== Segment start ==

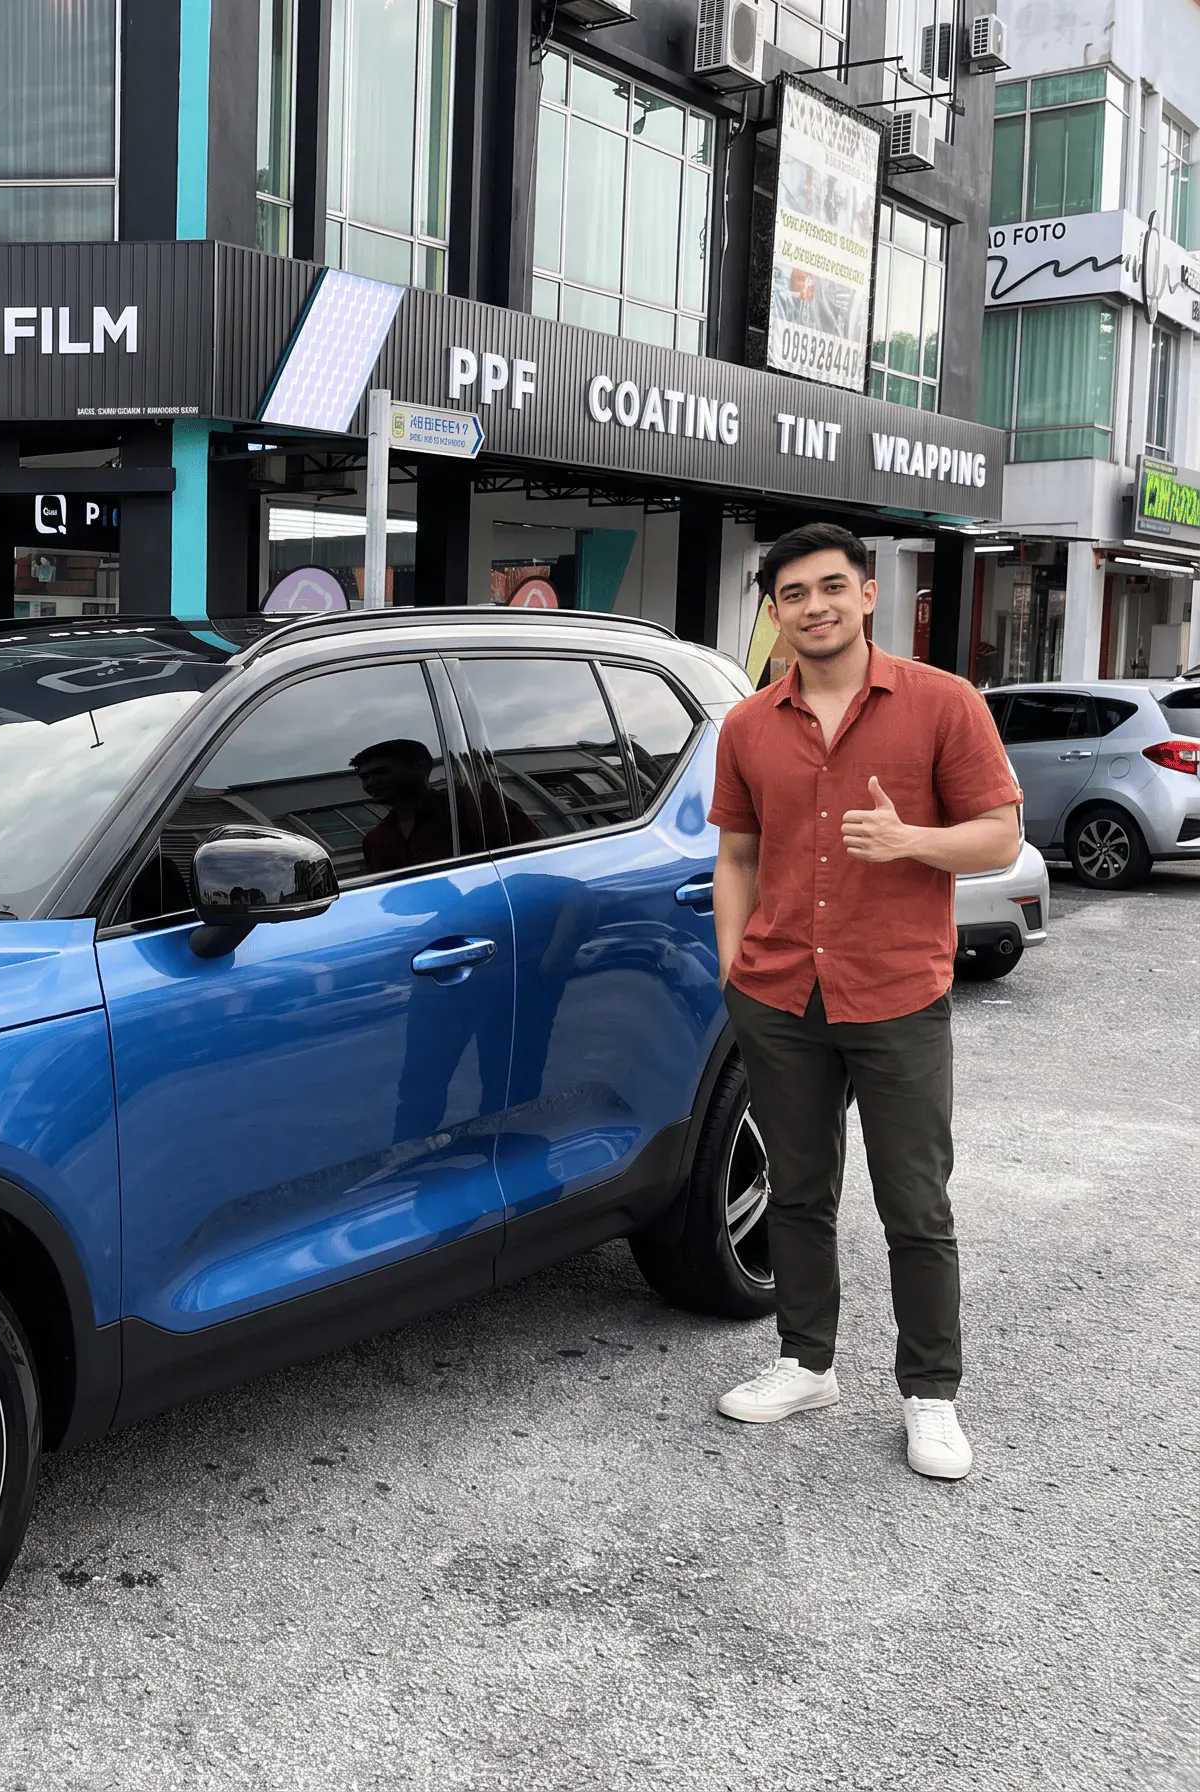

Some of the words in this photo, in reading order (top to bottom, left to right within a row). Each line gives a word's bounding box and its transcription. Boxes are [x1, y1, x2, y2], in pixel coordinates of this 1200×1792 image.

[1013, 222, 1067, 246] FOTO
[3, 305, 139, 356] FILM
[448, 346, 537, 411] PPF
[588, 374, 740, 446] COATING
[776, 412, 842, 462] TINT
[871, 432, 987, 489] WRAPPING
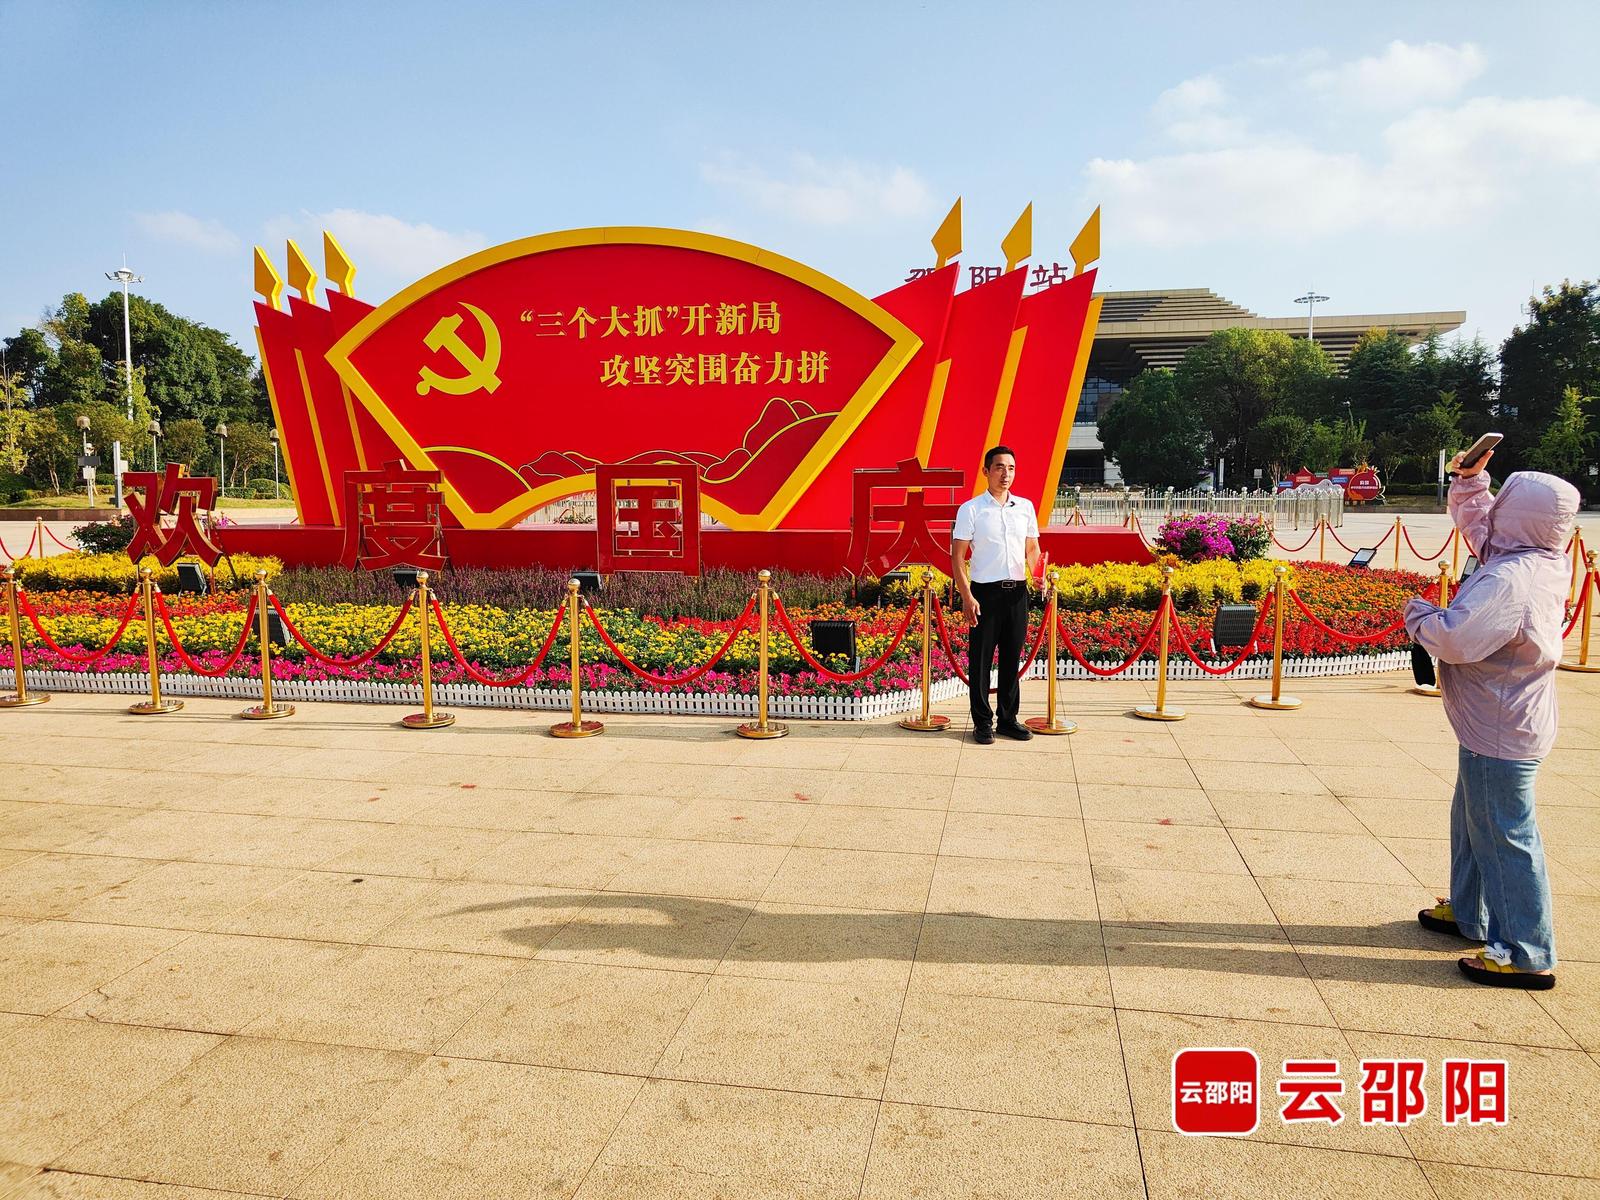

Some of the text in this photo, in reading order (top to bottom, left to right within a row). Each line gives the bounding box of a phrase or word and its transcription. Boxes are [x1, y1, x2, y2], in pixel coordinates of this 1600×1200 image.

[520, 301, 781, 339] “三个大抓”开新局
[600, 350, 830, 387] 攻坚突围奋力拼
[123, 457, 965, 578] 欢度国庆
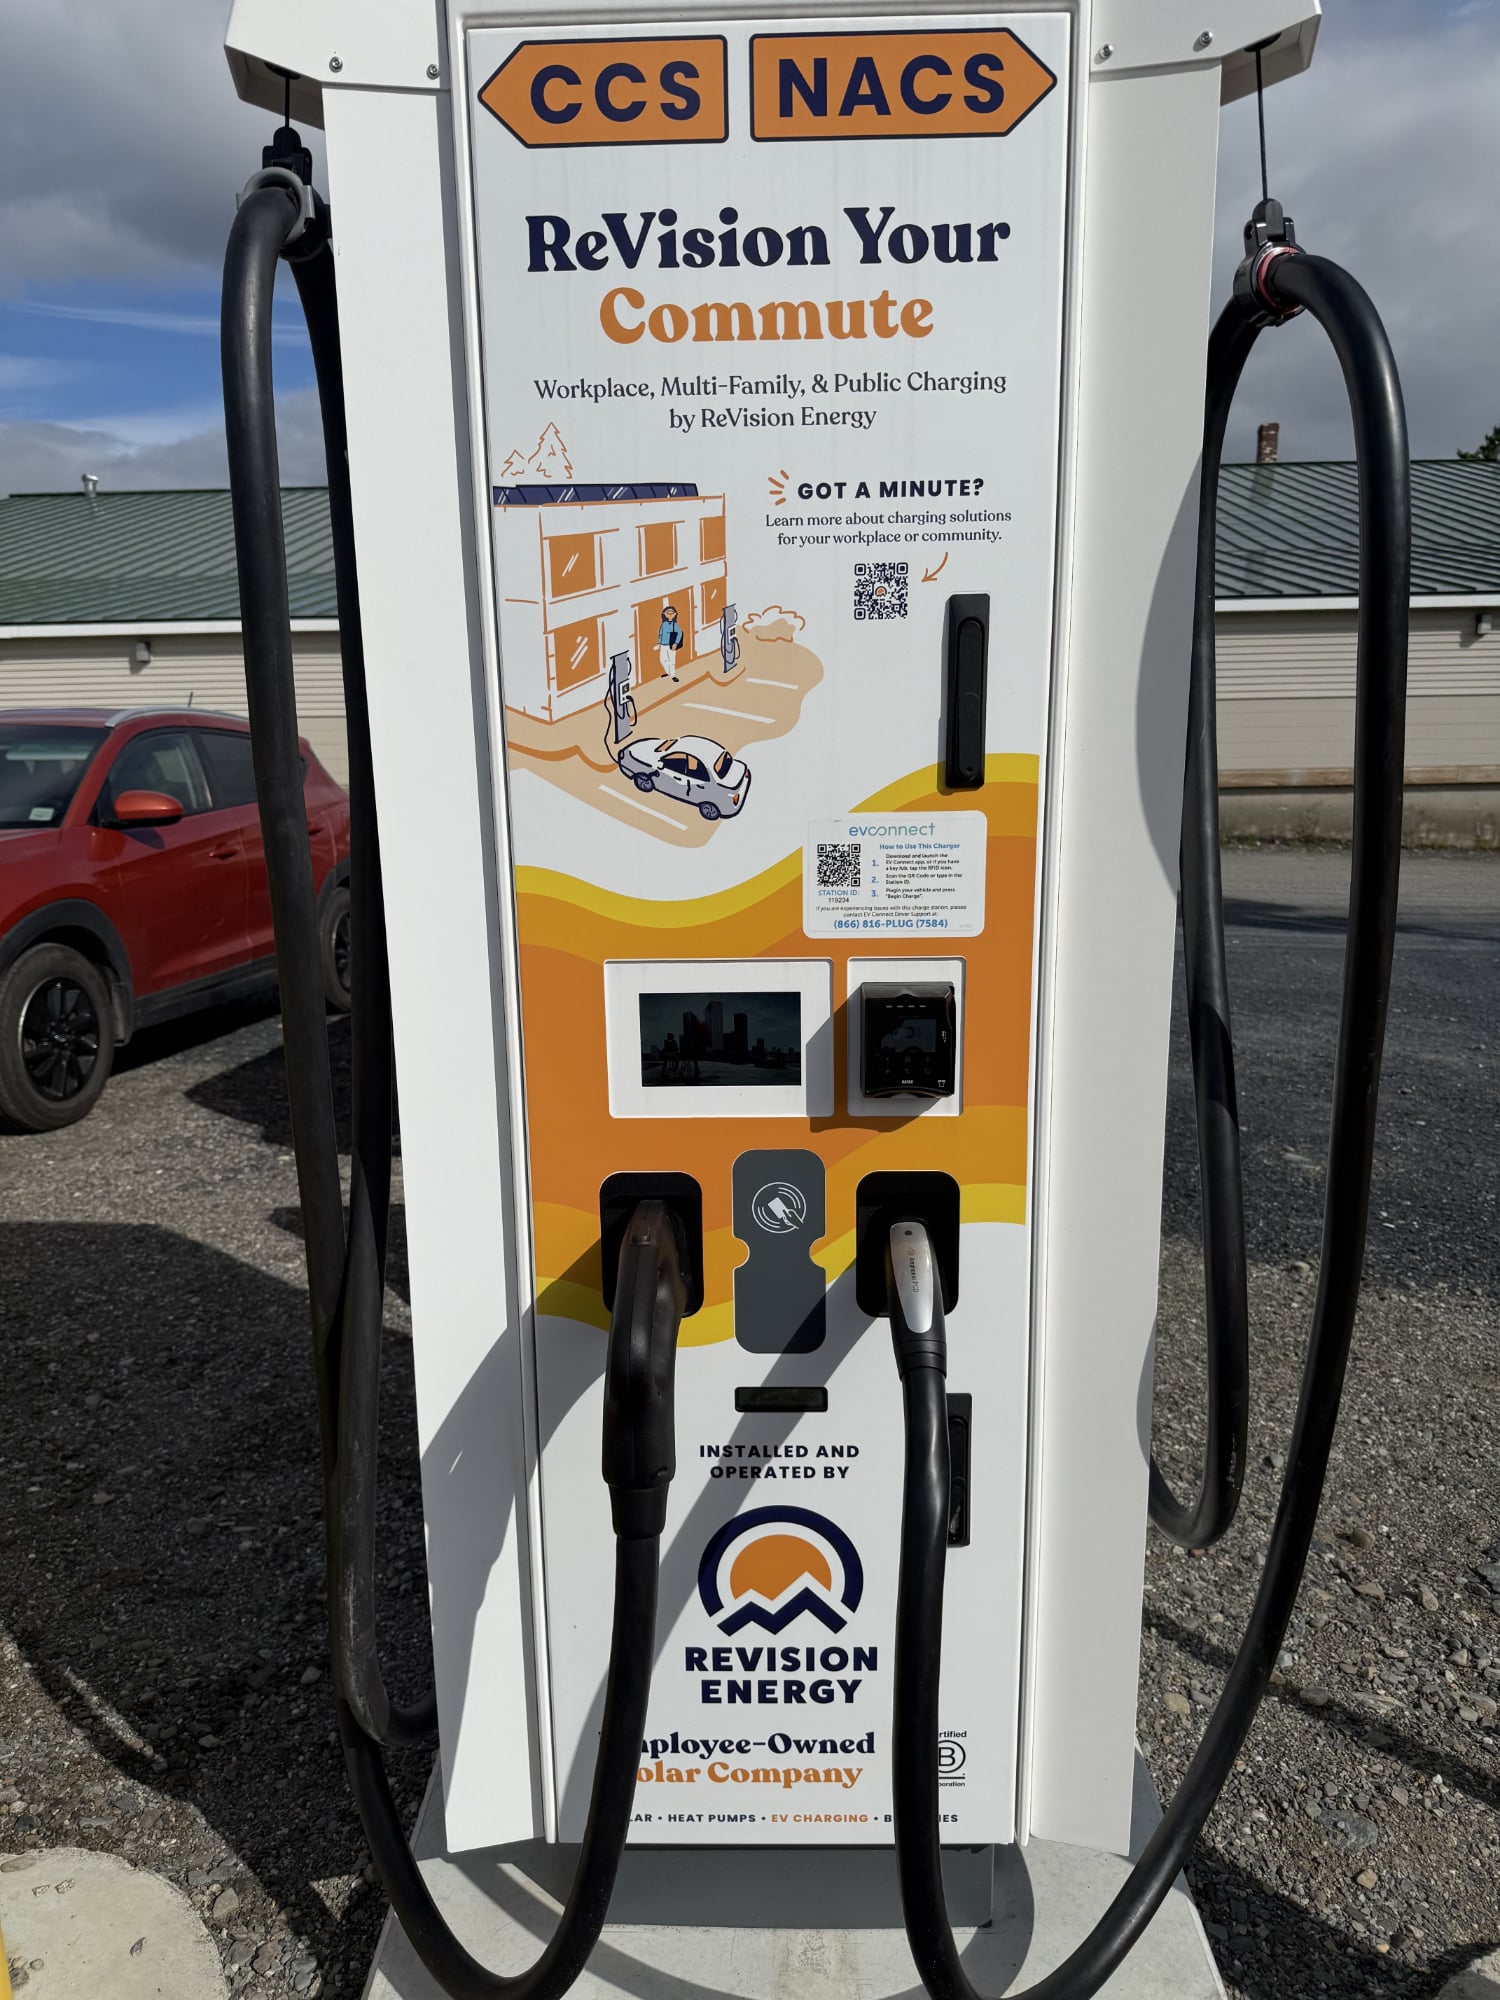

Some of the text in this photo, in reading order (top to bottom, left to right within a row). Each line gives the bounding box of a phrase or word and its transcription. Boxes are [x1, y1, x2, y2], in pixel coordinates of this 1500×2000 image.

[530, 61, 701, 124] CCS
[778, 53, 1006, 119] NACS
[525, 206, 1011, 272] ReVision Your
[600, 287, 934, 344] Commute
[534, 371, 1007, 403] Workplace, Multi-Family, & Public Charging
[669, 407, 877, 432] by ReVision Energy
[797, 478, 984, 500] GOT A MINUTE?
[765, 509, 1012, 527] Learn more about charging solutions
[777, 528, 1002, 547] for your workplace or community.
[848, 822, 936, 837] evconnect
[834, 919, 860, 929] (866)
[862, 919, 914, 928] 816-PLUG
[916, 919, 948, 928] (7584)
[699, 1444, 860, 1458] INSTALLED AND
[710, 1466, 849, 1480] OPERATED BY
[685, 1646, 878, 1672] REVISION
[700, 1679, 862, 1704] ENERGY
[641, 1731, 875, 1759] ployee-Owned
[938, 1730, 967, 1738] rtified
[637, 1760, 863, 1789] olar Company
[668, 1814, 869, 1823] HEAT PUMPS EV CHARGING

== Segment end ==

*PROBLEM*: Please reproduce the entries from above exactly; images are not part of the copy.

*SOLUTION TO THE PROBLEM*:
Some of the words in this photo, in reading order (top to bottom, left to right within a row). Each line gives a word's bounding box and its transcription. Boxes are [x1, y1, x2, y2], in pixel coordinates of this 1200×1792 image.

[1013, 222, 1067, 246] FOTO
[3, 305, 139, 356] FILM
[448, 346, 537, 411] PPF
[588, 374, 740, 446] COATING
[776, 412, 842, 462] TINT
[871, 432, 987, 489] WRAPPING

Some of the text in this photo, in reading order (top to bottom, left to right within a row). Each line gives the bounding box of a phrase or word and its transcription. Boxes are [x1, y1, x2, y2], in pixel coordinates of this 1600×1200 image.

[520, 301, 781, 339] “三个大抓”开新局
[600, 350, 830, 387] 攻坚突围奋力拼
[123, 457, 965, 578] 欢度国庆

Some of the text in this photo, in reading order (top to bottom, left to right within a row). Each line gives the bounding box of a phrase or word and its transcription. Boxes are [x1, y1, x2, y2], in pixel coordinates of this 1500×2000 image.

[530, 61, 701, 124] CCS
[778, 53, 1006, 119] NACS
[525, 206, 1011, 272] ReVision Your
[600, 287, 934, 344] Commute
[534, 371, 1007, 403] Workplace, Multi-Family, & Public Charging
[669, 407, 877, 432] by ReVision Energy
[797, 478, 984, 500] GOT A MINUTE?
[765, 509, 1012, 527] Learn more about charging solutions
[777, 528, 1002, 547] for your workplace or community.
[848, 822, 936, 837] evconnect
[834, 919, 860, 929] (866)
[862, 919, 914, 928] 816-PLUG
[916, 919, 948, 928] (7584)
[699, 1444, 860, 1458] INSTALLED AND
[710, 1466, 849, 1480] OPERATED BY
[685, 1646, 878, 1672] REVISION
[700, 1679, 862, 1704] ENERGY
[641, 1731, 875, 1759] ployee-Owned
[938, 1730, 967, 1738] rtified
[637, 1760, 863, 1789] olar Company
[668, 1814, 869, 1823] HEAT PUMPS EV CHARGING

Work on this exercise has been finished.